*** EXTRACTED MATERIAL ***

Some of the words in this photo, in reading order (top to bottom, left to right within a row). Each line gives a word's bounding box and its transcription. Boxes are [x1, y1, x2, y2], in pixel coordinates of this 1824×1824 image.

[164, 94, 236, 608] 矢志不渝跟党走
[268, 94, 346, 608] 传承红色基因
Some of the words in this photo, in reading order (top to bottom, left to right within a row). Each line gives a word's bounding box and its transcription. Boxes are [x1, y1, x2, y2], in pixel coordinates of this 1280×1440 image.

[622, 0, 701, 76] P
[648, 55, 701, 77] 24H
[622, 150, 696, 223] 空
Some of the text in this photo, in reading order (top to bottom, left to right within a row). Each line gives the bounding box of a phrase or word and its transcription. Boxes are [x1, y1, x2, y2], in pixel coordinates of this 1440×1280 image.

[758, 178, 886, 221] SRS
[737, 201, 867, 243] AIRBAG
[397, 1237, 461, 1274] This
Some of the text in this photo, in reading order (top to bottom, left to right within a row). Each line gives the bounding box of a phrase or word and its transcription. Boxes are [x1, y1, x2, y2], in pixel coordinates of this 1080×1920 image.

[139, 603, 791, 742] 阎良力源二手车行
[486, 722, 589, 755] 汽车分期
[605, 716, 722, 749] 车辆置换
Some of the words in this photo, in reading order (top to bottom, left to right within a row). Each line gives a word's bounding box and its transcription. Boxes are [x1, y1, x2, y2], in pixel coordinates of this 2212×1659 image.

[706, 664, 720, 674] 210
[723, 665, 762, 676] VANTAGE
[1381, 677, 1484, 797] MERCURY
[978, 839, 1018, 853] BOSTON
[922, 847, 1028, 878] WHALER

*** End of EXTRACTED MATERIAL ***

● TASK OBJECTIVE
Exactly as written, reproduce the whole listing.

● SOLVED PROBLEM
Some of the words in this photo, in reading order (top to bottom, left to right within a row). Each line gives a word's bounding box and its transcription. Boxes are [x1, y1, x2, y2], in pixel coordinates of this 1824×1824 image.

[164, 94, 236, 608] 矢志不渝跟党走
[268, 94, 346, 608] 传承红色基因
Some of the words in this photo, in reading order (top to bottom, left to right within a row). Each line gives a word's bounding box and its transcription. Boxes are [x1, y1, x2, y2], in pixel coordinates of this 1280×1440 image.

[622, 0, 701, 76] P
[648, 55, 701, 77] 24H
[622, 150, 696, 223] 空
Some of the text in this photo, in reading order (top to bottom, left to right within a row). Each line gives the bounding box of a phrase or word and its transcription. Boxes are [x1, y1, x2, y2], in pixel coordinates of this 1440×1280 image.

[758, 178, 886, 221] SRS
[737, 201, 867, 243] AIRBAG
[397, 1237, 461, 1274] This
Some of the text in this photo, in reading order (top to bottom, left to right within a row). Each line gives the bounding box of a phrase or word and its transcription. Boxes are [x1, y1, x2, y2], in pixel coordinates of this 1080×1920 image.

[139, 603, 791, 742] 阎良力源二手车行
[486, 722, 589, 755] 汽车分期
[605, 716, 722, 749] 车辆置换
Some of the words in this photo, in reading order (top to bottom, left to right within a row). Each line gives a word's bounding box and its transcription. Boxes are [x1, y1, x2, y2], in pixel coordinates of this 2212×1659 image.

[706, 664, 720, 674] 210
[723, 665, 762, 676] VANTAGE
[1381, 677, 1484, 797] MERCURY
[978, 839, 1018, 853] BOSTON
[922, 847, 1028, 878] WHALER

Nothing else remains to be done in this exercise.